Dataset
================================
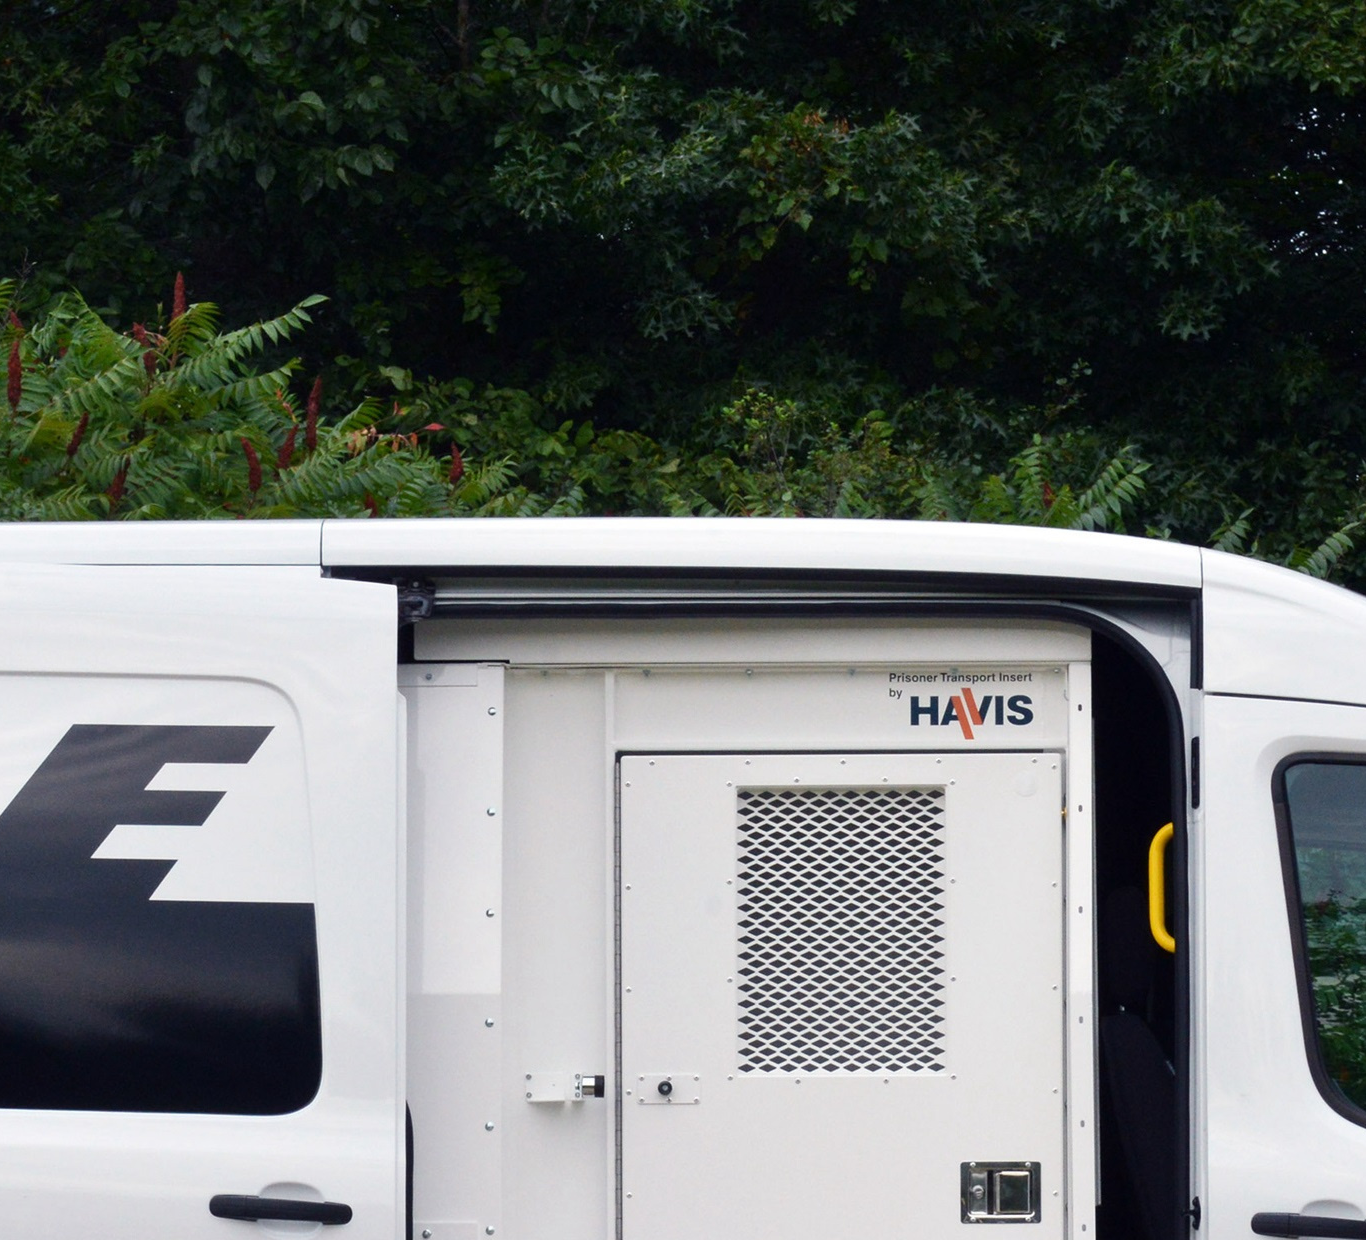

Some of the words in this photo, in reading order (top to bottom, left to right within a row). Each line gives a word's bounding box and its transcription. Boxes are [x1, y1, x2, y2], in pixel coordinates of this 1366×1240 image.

[888, 672, 938, 683] Prisoner
[940, 672, 996, 685] Transport
[999, 672, 1033, 683] Insert
[888, 687, 903, 699] by
[909, 687, 1034, 740] HAVIS
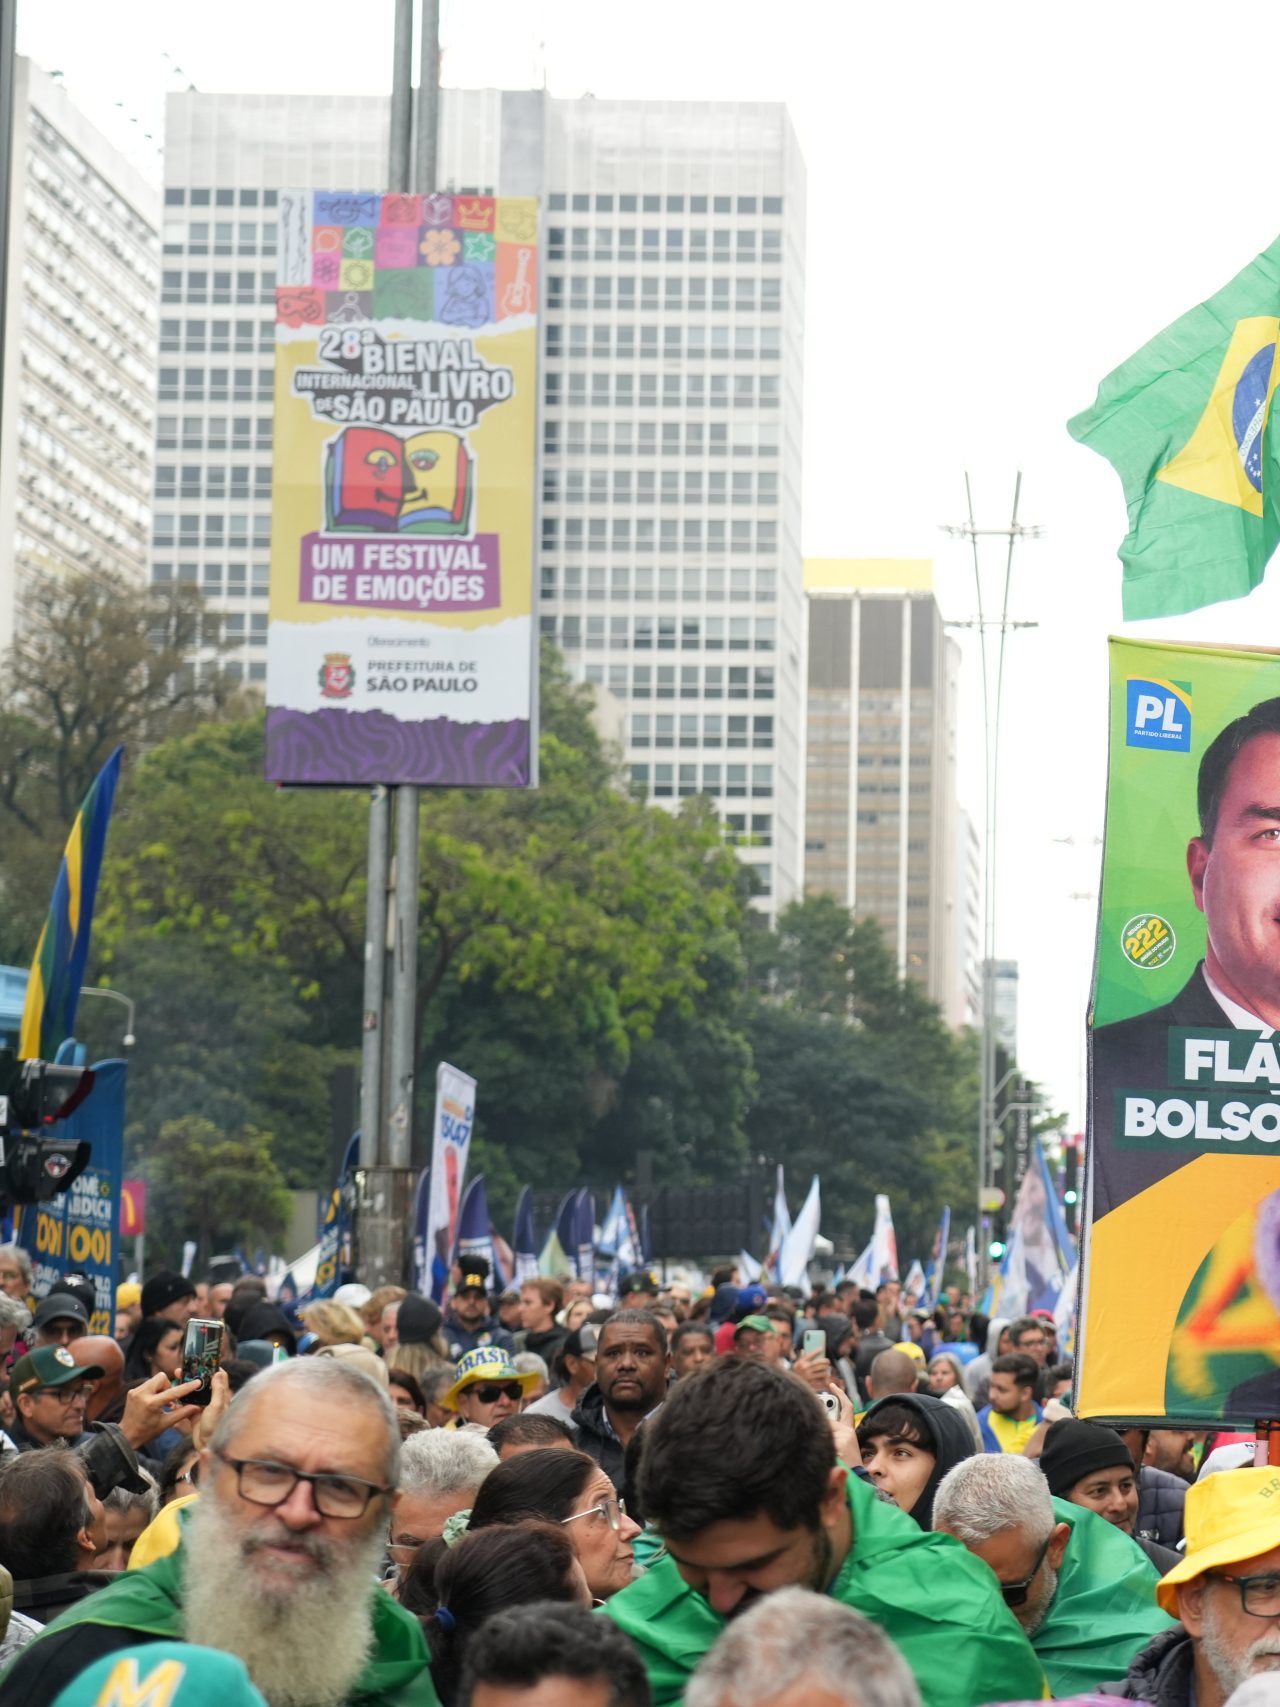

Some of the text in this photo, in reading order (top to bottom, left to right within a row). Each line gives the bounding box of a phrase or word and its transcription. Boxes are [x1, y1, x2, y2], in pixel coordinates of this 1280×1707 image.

[320, 328, 375, 360] 28ª
[362, 339, 482, 373] BIENAL
[296, 372, 416, 390] INTERNACIONAL
[421, 370, 512, 400] LIVRO
[315, 390, 474, 426] DE SÃO PAULO
[311, 543, 487, 570] UM FESTIVAL
[311, 571, 485, 609] DE EMOÇÕES
[367, 660, 477, 673] PREFEITURA DE
[366, 674, 479, 693] SÃO PAULO
[1134, 694, 1183, 733] PL
[1134, 729, 1182, 740] PARTIDO LIBERAL
[1125, 918, 1168, 960] 222
[71, 1172, 99, 1198] OMÉ
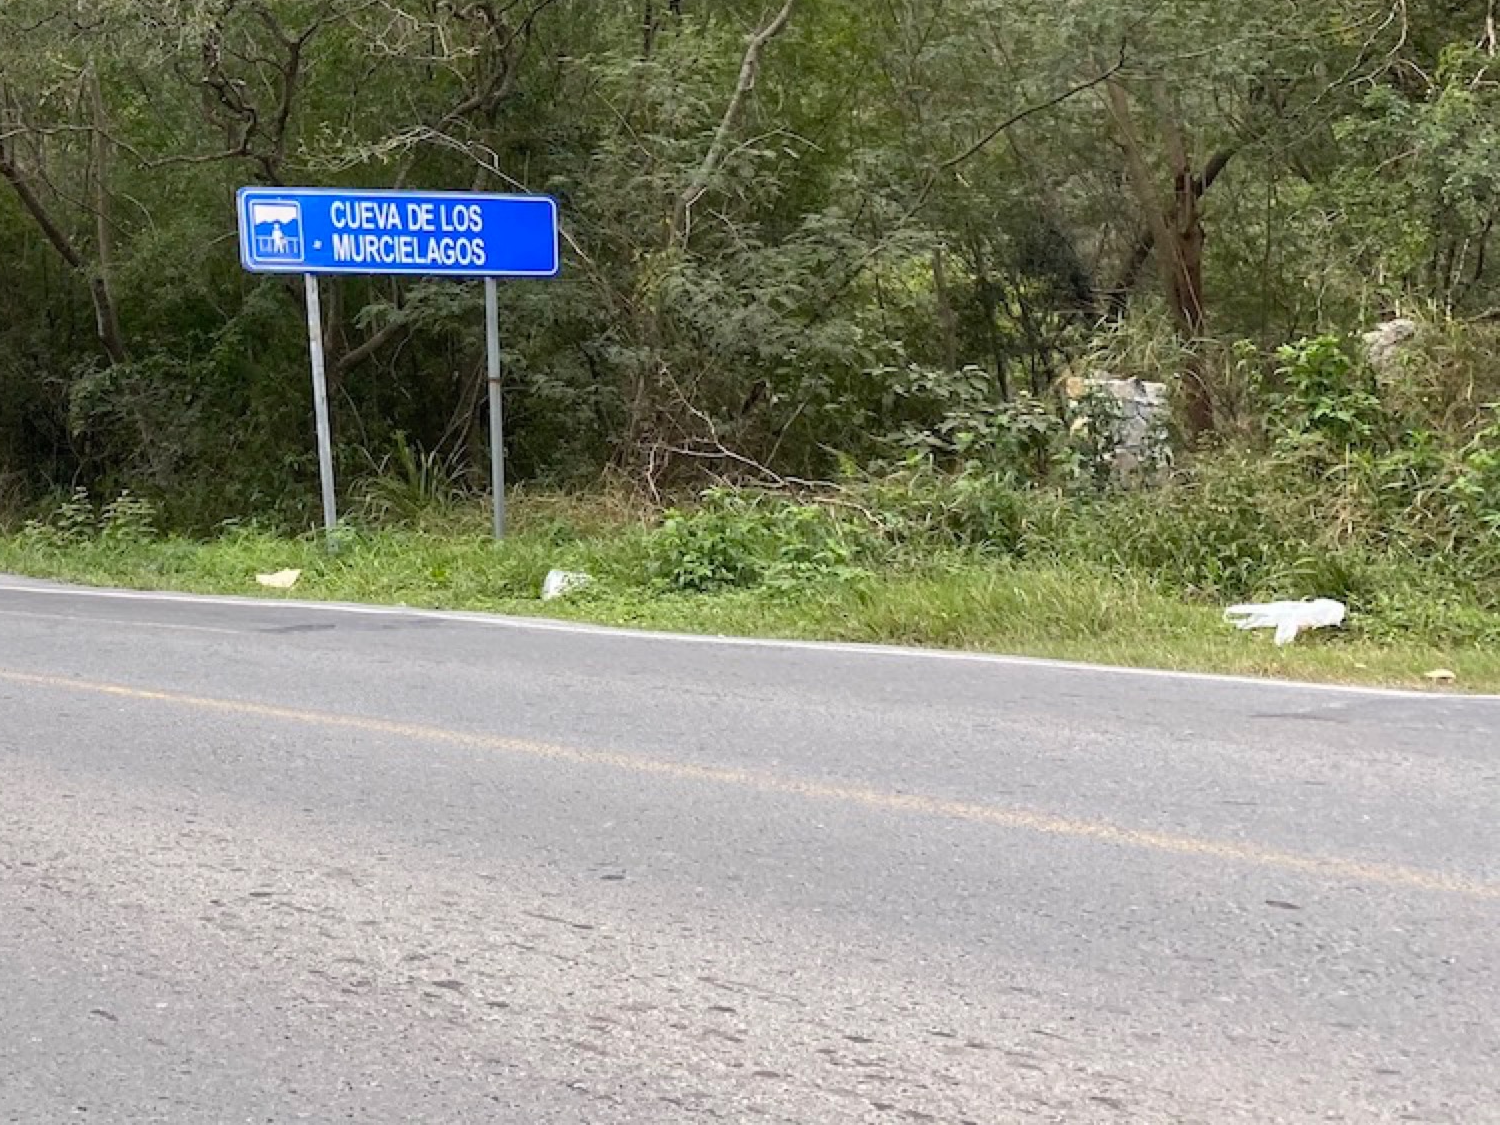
================================
What to work on
What is needed is a verbatim copy of the material, minus its pictures.

Expected output
Some of the words in this photo, in reading order (top to bottom, left to right within a row). Each line gives a word's bounding box and its transcription. Boxes are [x1, y1, x2, y2], in pixel coordinates of this 1366×1240 image.

[888, 672, 938, 683] Prisoner
[940, 672, 996, 685] Transport
[999, 672, 1033, 683] Insert
[888, 687, 903, 699] by
[909, 687, 1034, 740] HAVIS

Some of the text in this photo, in reading order (top to bottom, left to right within a row). Each line gives the bounding box of a phrase or word and its transcription. Boxes are [x1, y1, x2, y2], in pixel coordinates of this 1280×1707 image.

[320, 328, 375, 360] 28ª
[362, 339, 482, 373] BIENAL
[296, 372, 416, 390] INTERNACIONAL
[421, 370, 512, 400] LIVRO
[315, 390, 474, 426] DE SÃO PAULO
[311, 543, 487, 570] UM FESTIVAL
[311, 571, 485, 609] DE EMOÇÕES
[367, 660, 477, 673] PREFEITURA DE
[366, 674, 479, 693] SÃO PAULO
[1134, 694, 1183, 733] PL
[1134, 729, 1182, 740] PARTIDO LIBERAL
[1125, 918, 1168, 960] 222
[71, 1172, 99, 1198] OMÉ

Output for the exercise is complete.